La cause de la saine Gouvernance est belle, mais elle risque d'être balayée par les urgences, et le court-termisme reprendra ses droits.
Une chose est de définir le modèle idéal pour ces données de référence communes, et une autre chose est de faire en sorte que ce modèle entre dans les pratiques.

Certes on peut définir des standards, "sur le papier", par exemple un simple "format pivot". Mais sera-t-il utilisé ? Est-il simple d'emploi, adaptable au contexte, à tous les cas de figure, par exemple pour gérer le synchronisme comme l'asynchronisme, et toutes les latences ?

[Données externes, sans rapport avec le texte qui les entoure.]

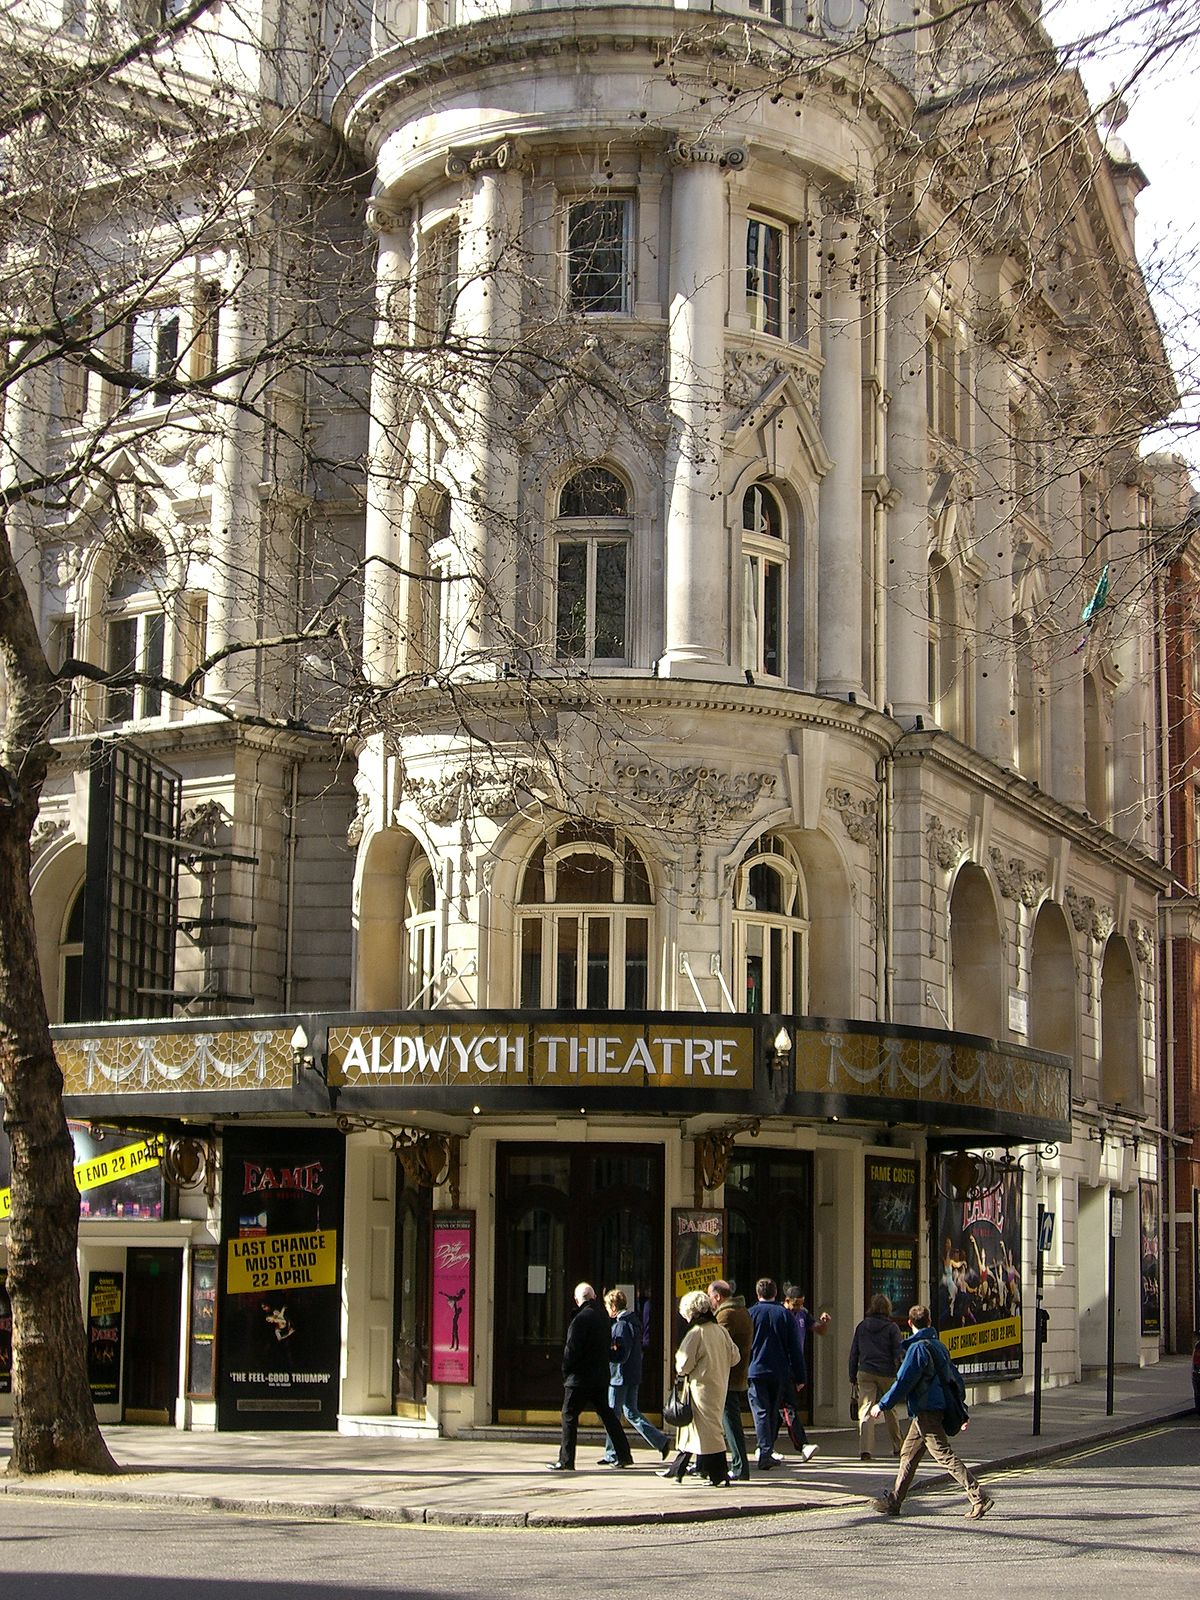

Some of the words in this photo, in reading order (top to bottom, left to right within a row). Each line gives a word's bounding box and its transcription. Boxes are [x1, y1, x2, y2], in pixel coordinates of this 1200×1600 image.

Une vision fractale de points focaux
Soyons réaliste : Il faut que les décisions prises au fil des évolutions, de façon indépendante, non gouvernée, déconcentrée, aillent dans le sens de la simplification : que toute la complexité des échanges, des interactions soit concentrée sur des services "focaux", des "points focaux". Ces services sont construits pour offrir les données de référence à la "collectivité" des applications, et sous toutes modalités, et toutes mises en forme.

Sans mettre fin aux différents "dialectes" utilisés pour modéliser, interagir, échanger, des points focaux "polyglottes" visent à tuer dans l’œuf la combinatoire infernale de ces divers dialectes.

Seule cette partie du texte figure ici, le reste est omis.